CHIP: Health Affairs Reviews Implementation
Three articles in the current issue of Health Affairs take a look at whether the Children's Health Insurance Program is meeting its goal of reducing the number of uninsured children. In the first article, researchers use data from the 1996 Medical Expenditure Panel Survey to estimate that 3.1 million uninsured children from families earning up to 200% of the federal poverty level will be eligible for CHIP in 1999. Under current state plans, some of which have lower eligibility thresholds, 2.6 million children will be eligible. Hispanic children account for 29.5% of those eligible, and black children for 19.9%. Teenagers represent 39.4% of the CHIP eligible population. "CHIP eligible children are projected to be disproportionately located in the South," according to the analysis. However, the study predicts that under the current 200% federal eligibility threshold actual CHIP enrollment will be 1.8 million children in the first half of 1999 and under current state plans it will be 1.5 million children.

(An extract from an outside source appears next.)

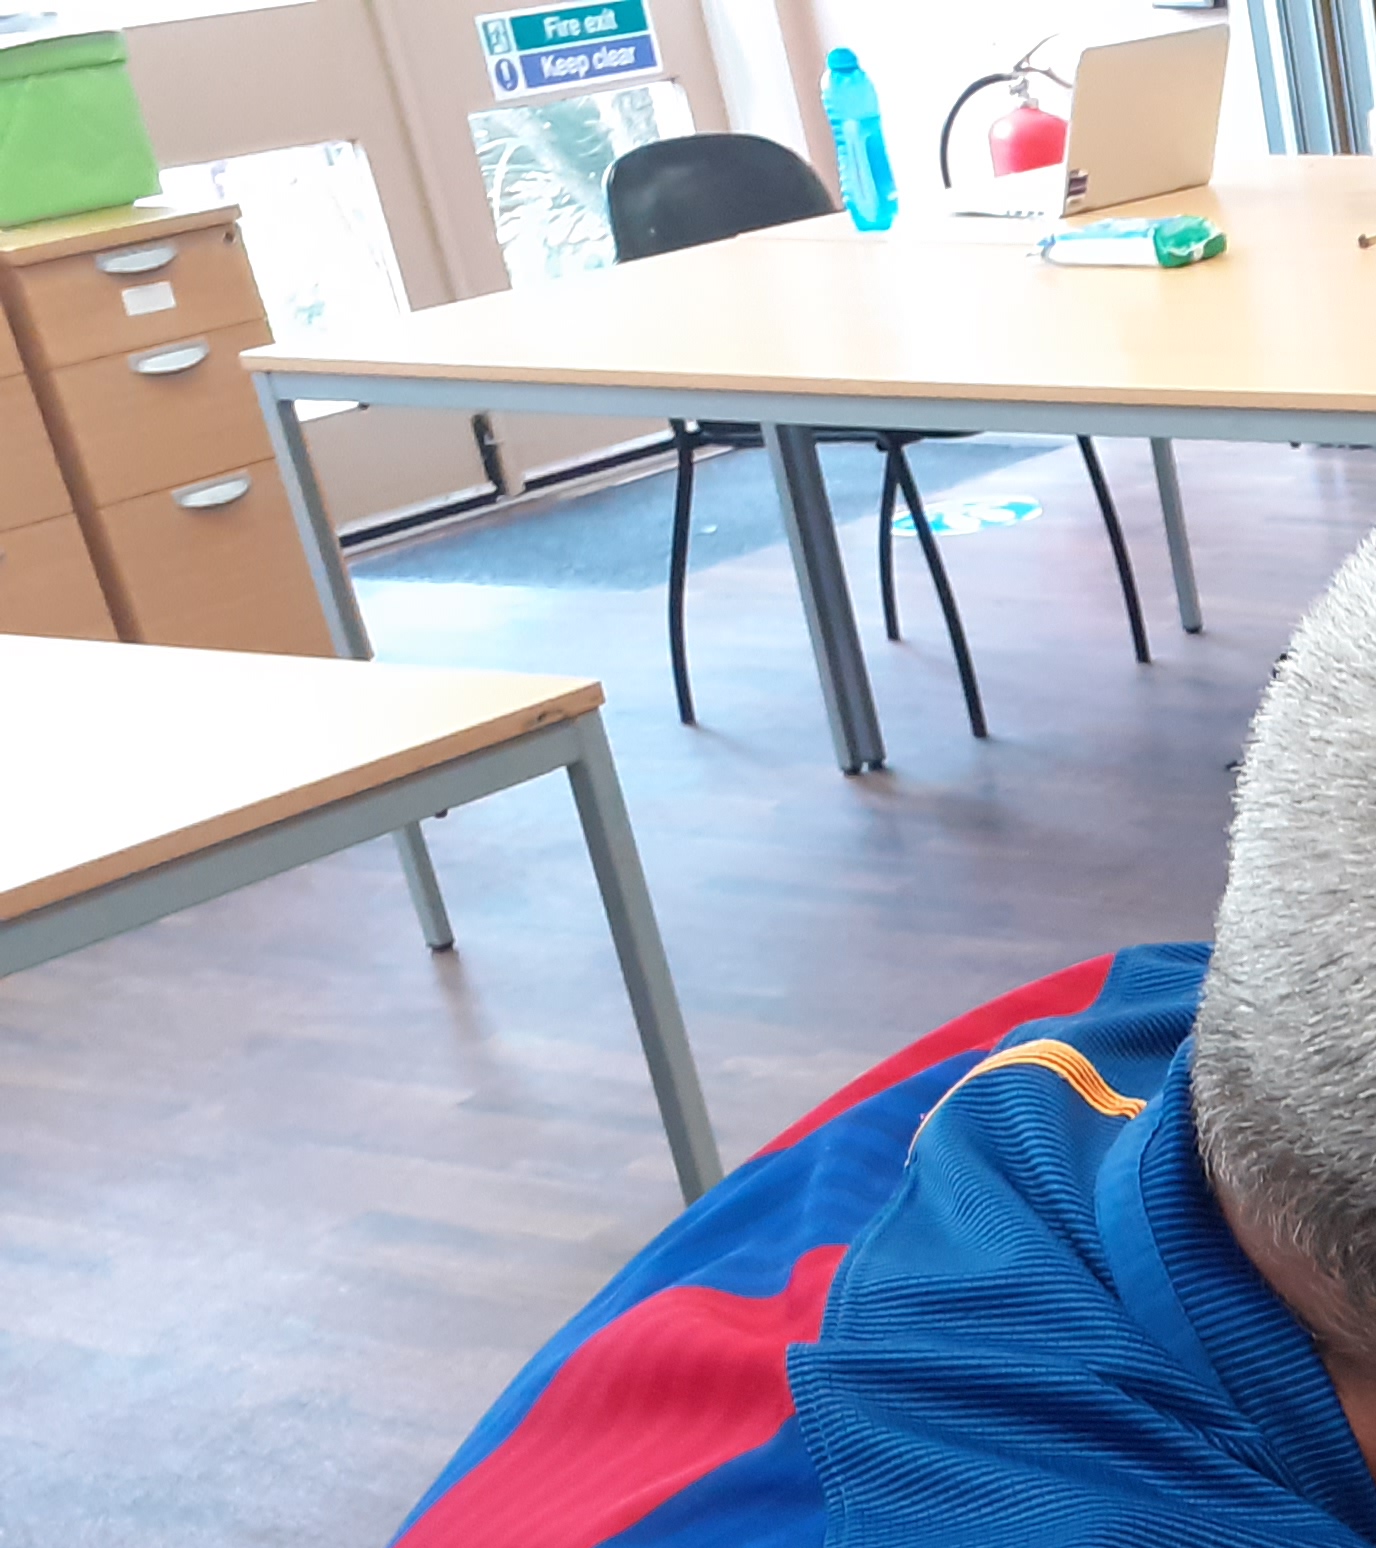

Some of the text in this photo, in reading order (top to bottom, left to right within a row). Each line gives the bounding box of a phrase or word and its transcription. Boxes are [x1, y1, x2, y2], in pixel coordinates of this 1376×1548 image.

[543, 8, 618, 39] Fire exit
[540, 46, 636, 79] Keep clear

The study concludes that outreach is critical to reaching unenrolled, eligible children (Selden et al., March/April 1999 issue).
Back Up
In a separate piece, Trish Riley, executive director of the National Academy for State Health Policy, says that in its rush to enact the program, Congress may not have given enough attention to its provisions for reports and evaluations. As it stands, Congress requires participating states to submit annual reports and a comprehensive evaluation to HHS by March 2000. However, Riley says that states "simply may not be able to provide the breadth and depth of information included in these mandates." Congress capped states' outlays for CHIP administrative costs at 10%, and Riley says that most of the administrative funds are diverted to outreach efforts rather than program evaluation. One of the most controversial congressional requests is deceptively simple, says Riley: a state-level analysis of progress in reducing the number of uninsured children. Without an accurate way to predict the number of uninsured children -- the Current Population Survey, state-level samples, the Medical Expenditure Panel Survey and the National Center for Health Statistics survey are all considered either inappropriate for a state-level analysis or prohibitively expensive -- states must provide an "imperfect" estimate. Nonetheless, the figures provide the "baseline for determining states' success or failure in meeting CHIP objectives." States recognize "the scale of the hurdles ahead," concludes Riley, and she warns that "stakeholders must accept the limits of program reporting and evaluation" rather than dwell on the limitations of the data collection process (Riley, March/April 1999 issue).
The Not-So-Easy Answer
In the final piece, Neal Halfon of the University of California- Los Angeles offers a model for tracking children's access to CHIP. Halfon develops a multistage approach to monitor access using a "pathway model" to track education and outreach, initial enrollment, retention and transition. Suggesting a comprehensive evaluation strategy for access that is coordinated on both the federal and state level, Halfon says that the "federal government is ultimately accountable for the implementation of CHIP and should be encouraged to take the lead." Calling for an expert working group to "build upon the access pathway framework," Halfon notes that the federal agencies responsible for CHIP implementation could work hand-in-hand with state agencies. Conceding that "a number of political issues still must be resolved" before the implementation of any national CHIP evaluation, Halfon concludes that states and the federal government must "collaborate in designing an evaluation strategy" that meets evaluation requirements and serves "ongoing improvement purposes" (Halfon et al., March/April 1999 issue).